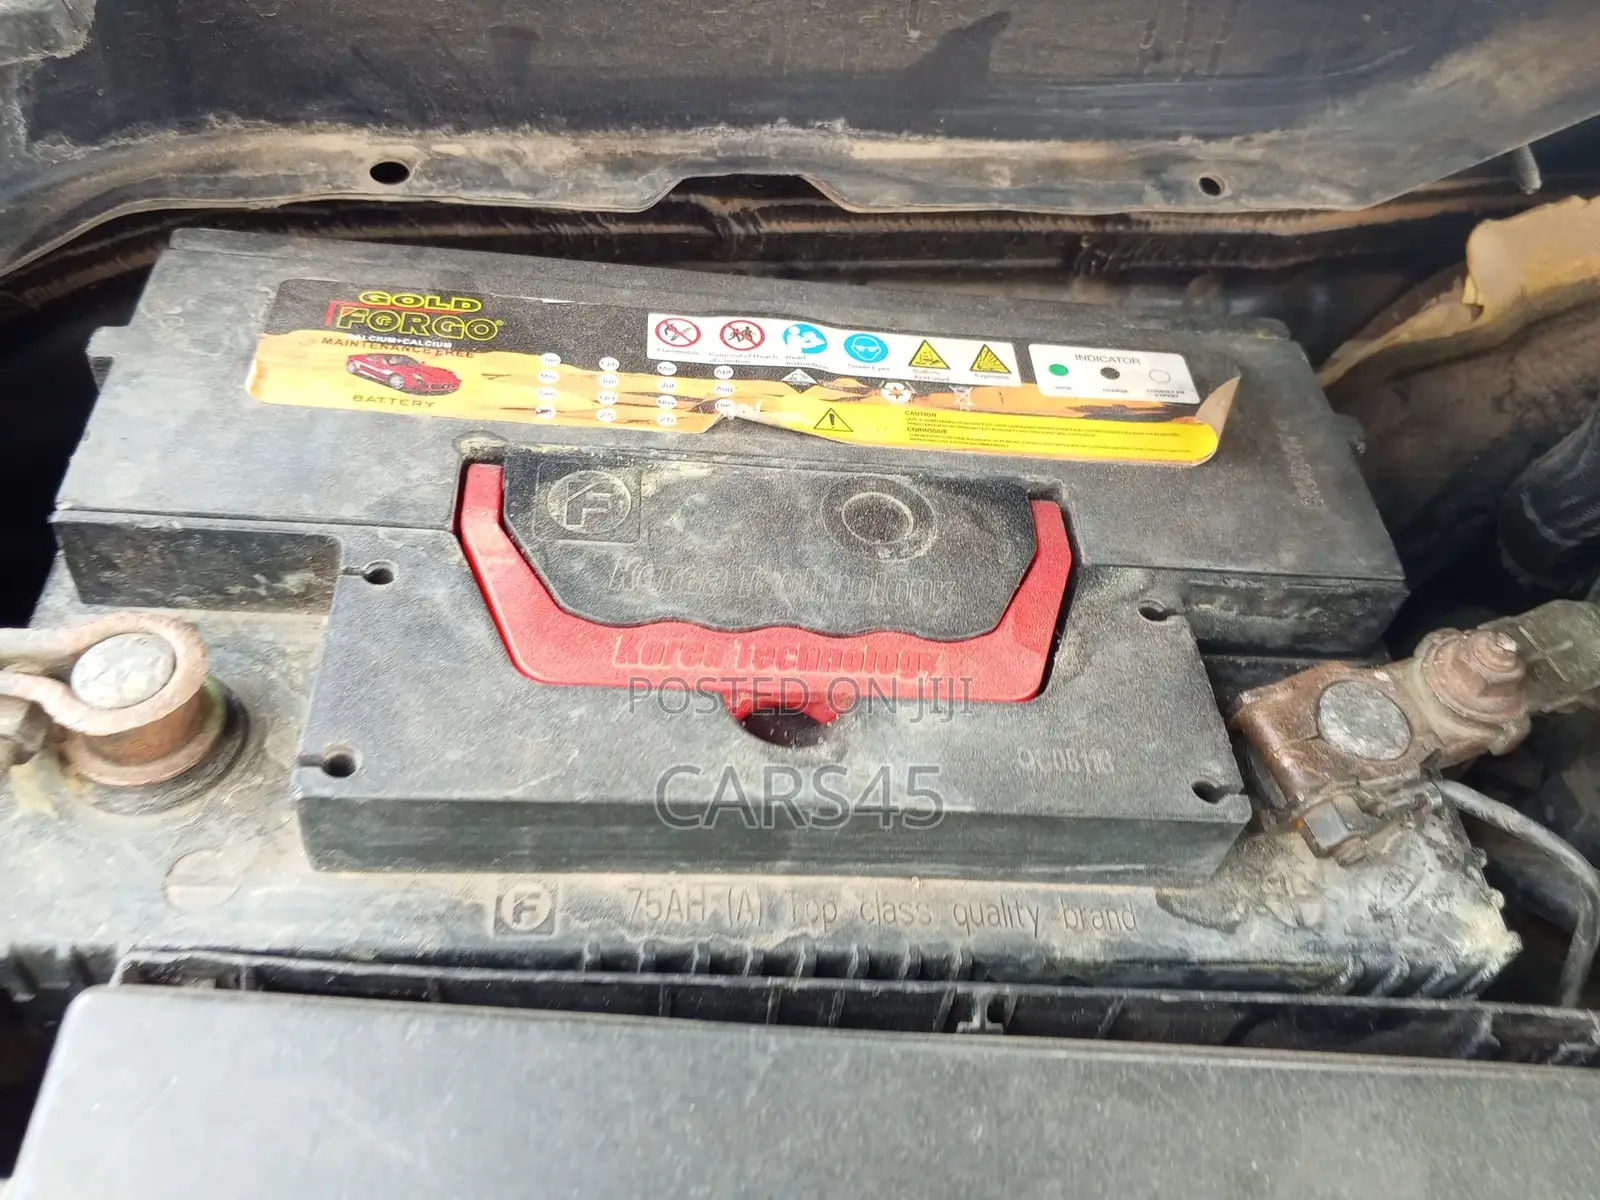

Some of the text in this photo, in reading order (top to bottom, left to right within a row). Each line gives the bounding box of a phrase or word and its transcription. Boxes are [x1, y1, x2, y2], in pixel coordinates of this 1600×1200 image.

[358, 290, 483, 313] GOLD
[337, 305, 500, 341] FORGO
[321, 337, 431, 355] MAINTENANCE
[1075, 353, 1142, 365] INDICATOR
[352, 394, 436, 408] BATTERY
[904, 410, 937, 418] CAUTION
[906, 426, 948, 435] CORROSIVE
[626, 886, 706, 924] 75AH
[859, 891, 933, 927] class
[952, 894, 1041, 938] quality
[1058, 896, 1139, 932] brand
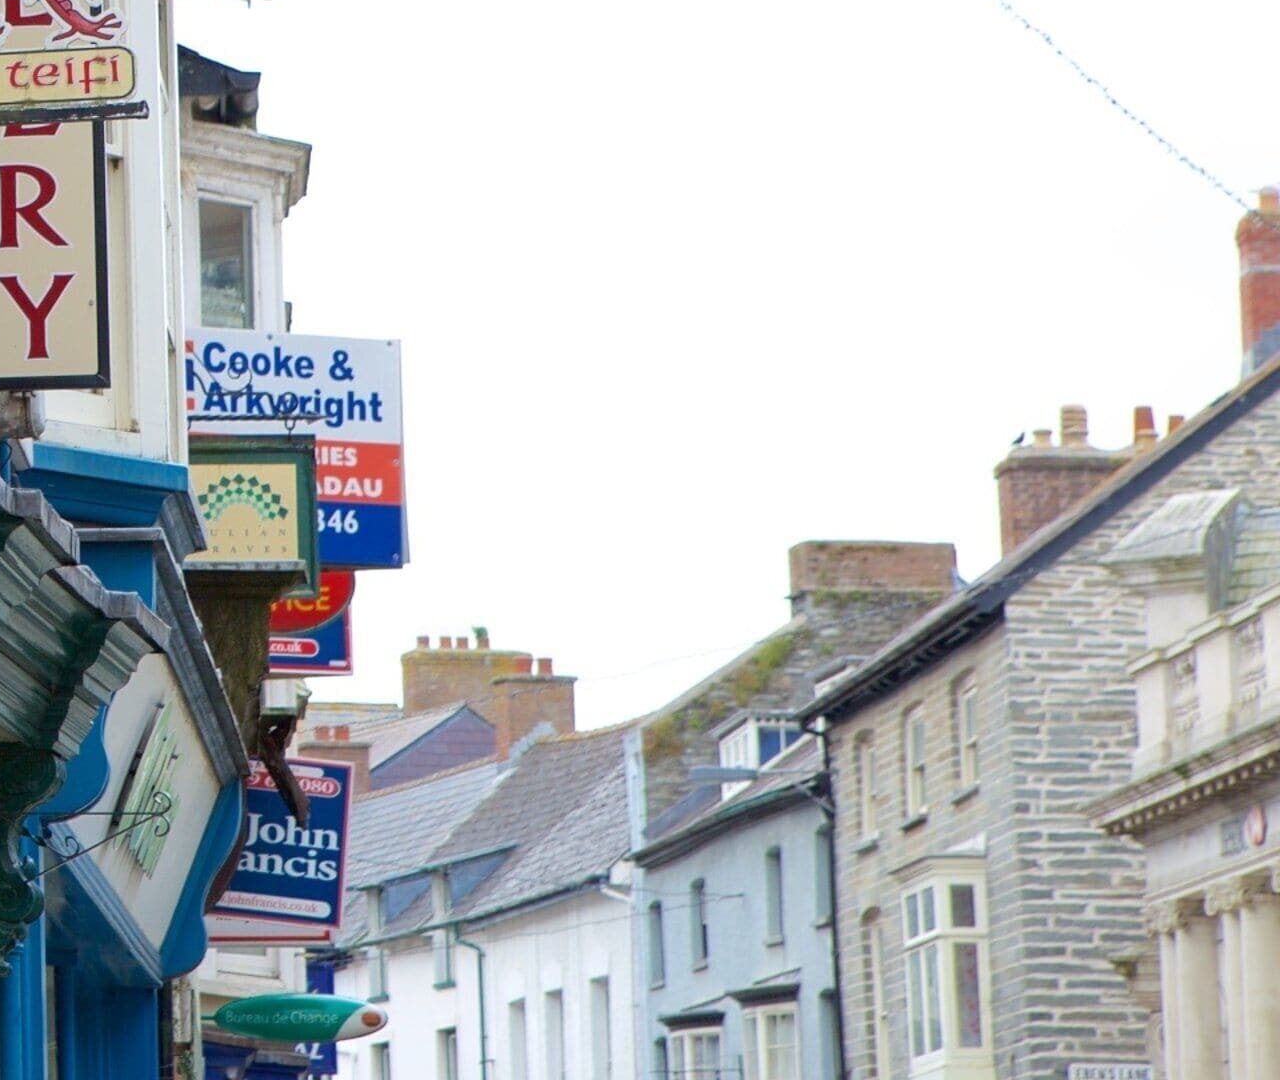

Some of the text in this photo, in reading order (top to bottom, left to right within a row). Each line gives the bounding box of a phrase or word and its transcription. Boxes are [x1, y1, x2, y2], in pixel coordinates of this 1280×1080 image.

[6, 54, 120, 95] teifi
[202, 341, 355, 381] Cooke &
[203, 381, 383, 428] Arkwright
[245, 813, 340, 851] John
[225, 1010, 339, 1027] Bureau de Change

******

* WHAT YOU SHOULD DO *
Where an entry holds a picture, drop it and transcribe everything else exactly.

* RESPONSE TO THIS TASK *
Some of the text in this photo, in reading order (top to bottom, left to right within a row). Each line gives the bounding box of a phrase or word and its transcription. Boxes are [x1, y1, x2, y2], in pixel coordinates of this 1600×1200 image.

[358, 290, 483, 313] GOLD
[337, 305, 500, 341] FORGO
[321, 337, 431, 355] MAINTENANCE
[1075, 353, 1142, 365] INDICATOR
[352, 394, 436, 408] BATTERY
[904, 410, 937, 418] CAUTION
[906, 426, 948, 435] CORROSIVE
[626, 886, 706, 924] 75AH
[859, 891, 933, 927] class
[952, 894, 1041, 938] quality
[1058, 896, 1139, 932] brand

Some of the text in this photo, in reading order (top to bottom, left to right within a row). Each line gives the bounding box of a phrase or word and its transcription. Boxes are [x1, y1, x2, y2], in pixel coordinates of this 1280×1080 image.

[6, 54, 120, 95] teifi
[202, 341, 355, 381] Cooke &
[203, 381, 383, 428] Arkwright
[245, 813, 340, 851] John
[225, 1010, 339, 1027] Bureau de Change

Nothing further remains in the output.